Listed records:
──────────────────────────────
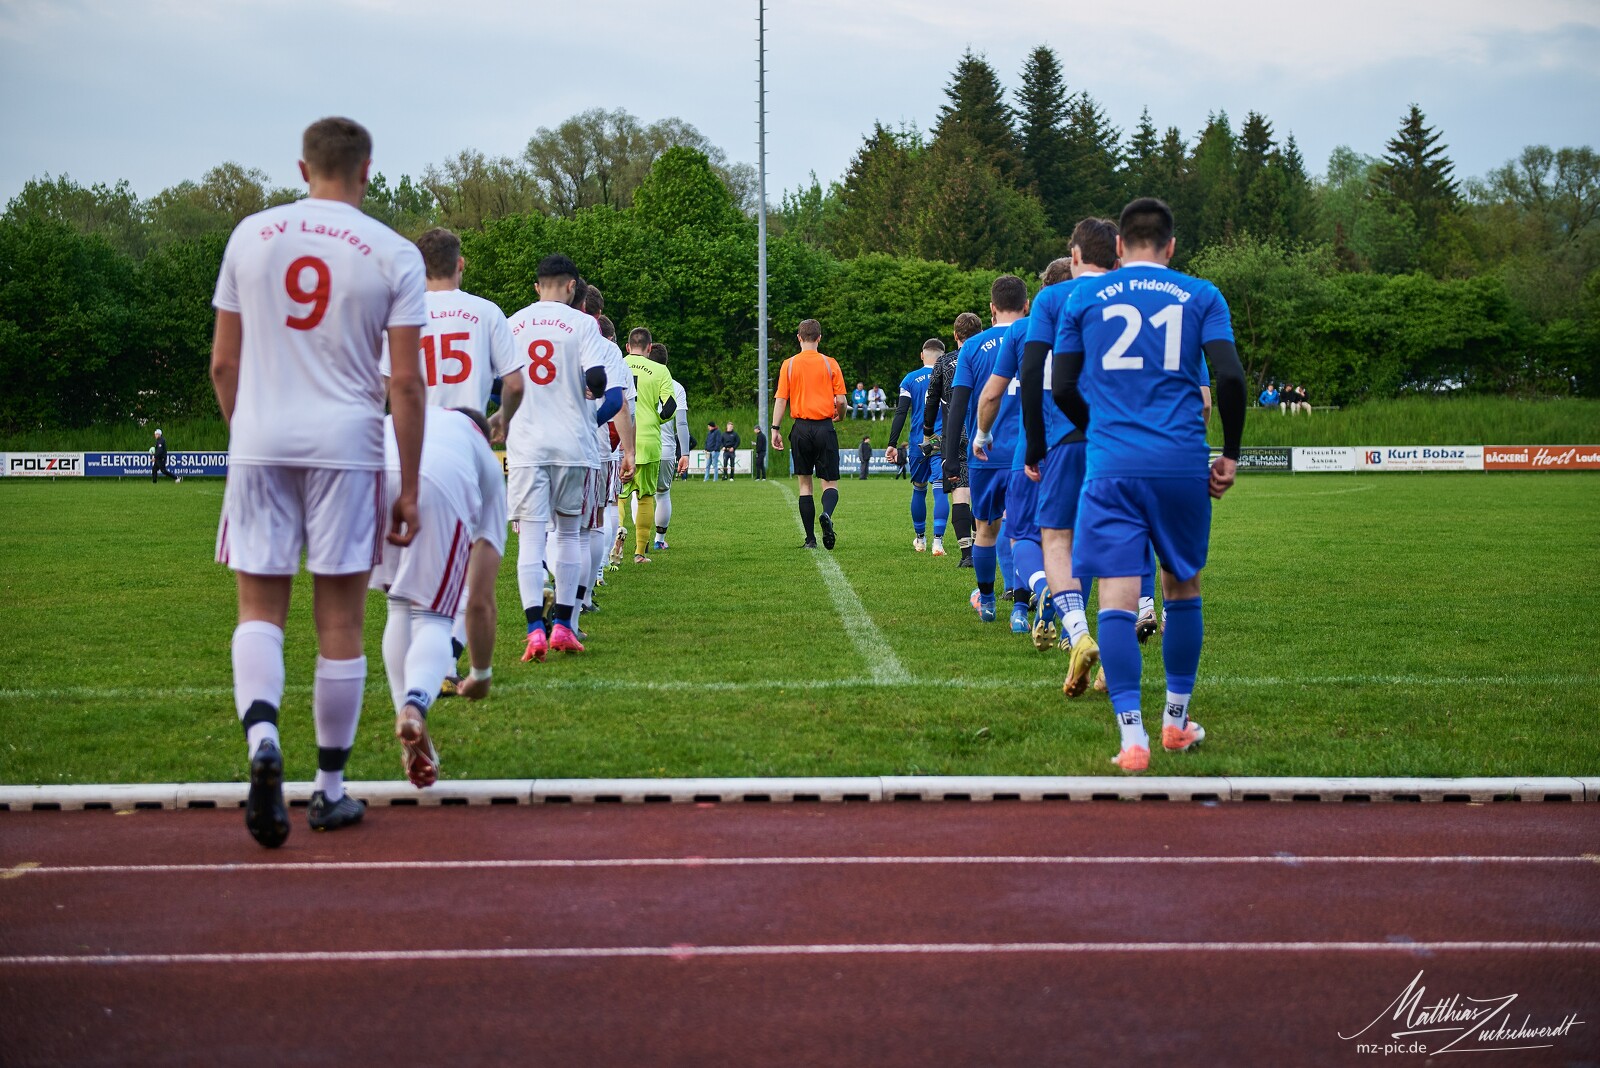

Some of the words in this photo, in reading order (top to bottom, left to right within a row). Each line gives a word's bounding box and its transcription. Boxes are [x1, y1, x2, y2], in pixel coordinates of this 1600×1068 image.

[301, 219, 372, 256] Laufen
[285, 255, 332, 331] 9
[1096, 281, 1123, 301] TSV
[1129, 278, 1191, 303] Fridolfing
[430, 308, 479, 325] Laufen
[512, 320, 526, 336] SV
[532, 317, 574, 334] Laufen
[980, 338, 997, 353] TSV
[1102, 303, 1184, 371] 21
[419, 331, 472, 387] 15
[527, 339, 557, 385] 8
[628, 364, 654, 376] aufen
[914, 374, 926, 383] TSV
[1388, 448, 1418, 459] Kurt
[1423, 448, 1465, 459] Bobaz
[1532, 448, 1576, 466] Hartl
[1576, 453, 1600, 463] Laufe
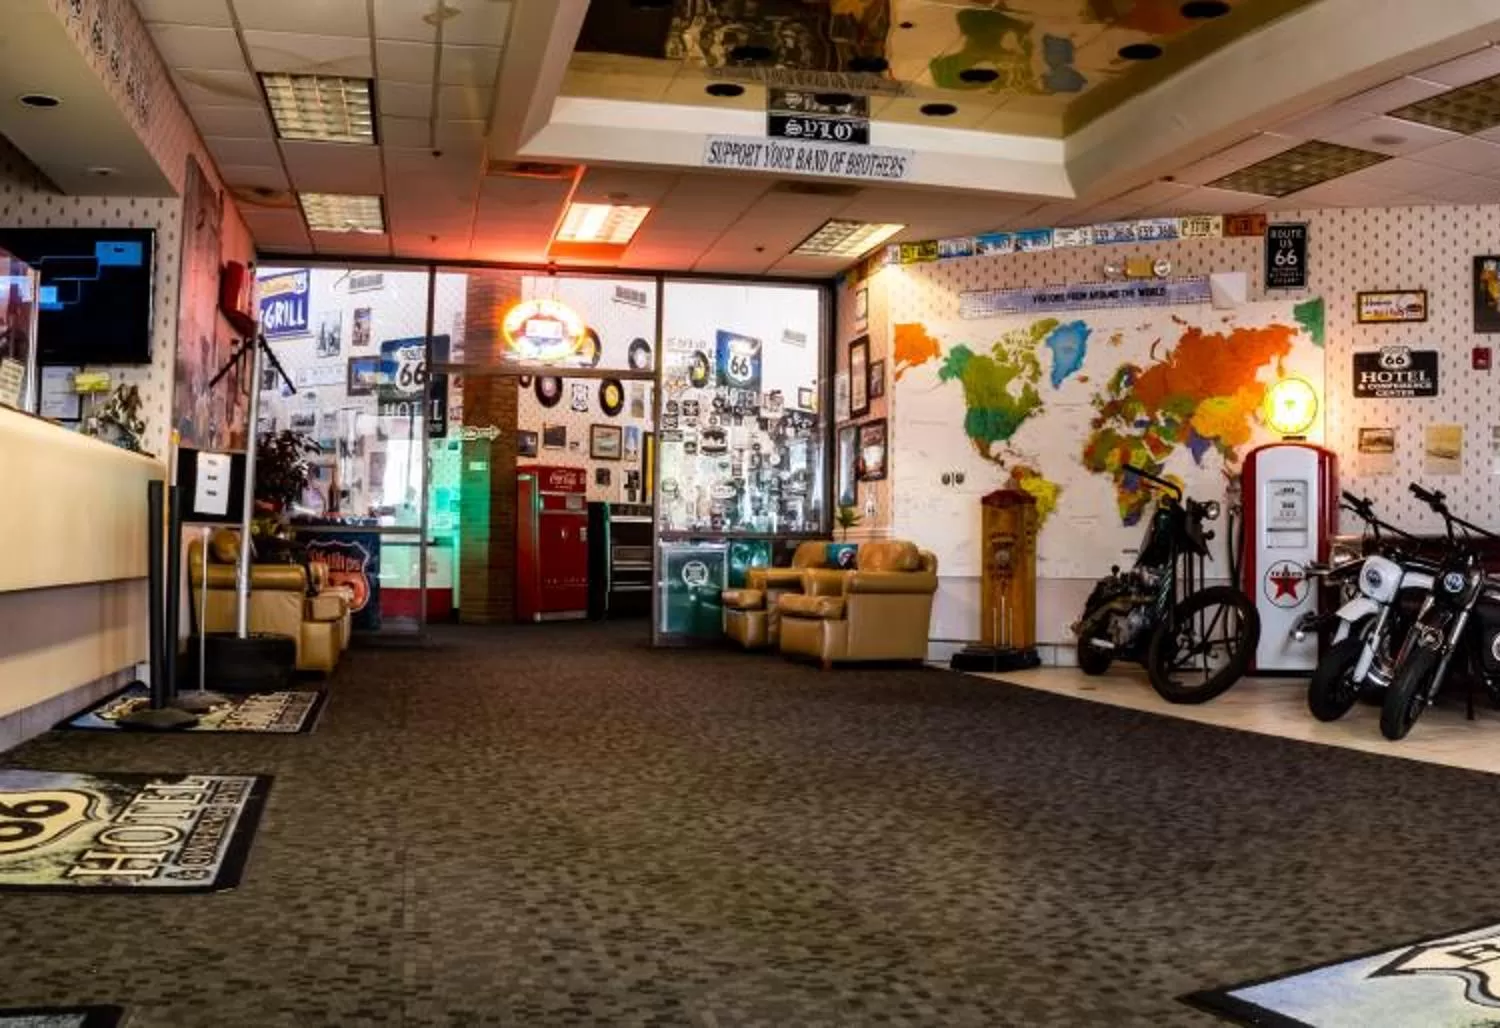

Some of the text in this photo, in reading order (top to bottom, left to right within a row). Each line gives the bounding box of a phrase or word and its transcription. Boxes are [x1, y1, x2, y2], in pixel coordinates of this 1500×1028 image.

[708, 141, 906, 177] SUPPORT YOUR BAND OF BROTHERS
[1275, 249, 1297, 265] 66
[264, 298, 305, 329] GRILL
[731, 356, 748, 376] 66
[1385, 356, 1405, 365] 66
[400, 362, 427, 386] 66
[1361, 371, 1431, 383] HOTEL
[64, 776, 211, 880] HOTEL
──────────────────────────────
Task: Quote every record above exactly, leaving out the pictures.

Answer to this exercise:
Some of the words in this photo, in reading order (top to bottom, left to right within a row). Each line gives a word's bounding box and its transcription. Boxes are [x1, y1, x2, y2], in pixel coordinates of this 1600×1068 image.

[301, 219, 372, 256] Laufen
[285, 255, 332, 331] 9
[1096, 281, 1123, 301] TSV
[1129, 278, 1191, 303] Fridolfing
[430, 308, 479, 325] Laufen
[512, 320, 526, 336] SV
[532, 317, 574, 334] Laufen
[980, 338, 997, 353] TSV
[1102, 303, 1184, 371] 21
[419, 331, 472, 387] 15
[527, 339, 557, 385] 8
[628, 364, 654, 376] aufen
[914, 374, 926, 383] TSV
[1388, 448, 1418, 459] Kurt
[1423, 448, 1465, 459] Bobaz
[1532, 448, 1576, 466] Hartl
[1576, 453, 1600, 463] Laufe

Some of the text in this photo, in reading order (top to bottom, left to right within a row). Each line gives the bounding box of a phrase or word and its transcription. Boxes are [x1, y1, x2, y2], in pixel coordinates of this 1500×1028 image.

[708, 141, 906, 177] SUPPORT YOUR BAND OF BROTHERS
[1275, 249, 1297, 265] 66
[264, 298, 305, 329] GRILL
[731, 356, 748, 376] 66
[1385, 356, 1405, 365] 66
[400, 362, 427, 386] 66
[1361, 371, 1431, 383] HOTEL
[64, 776, 211, 880] HOTEL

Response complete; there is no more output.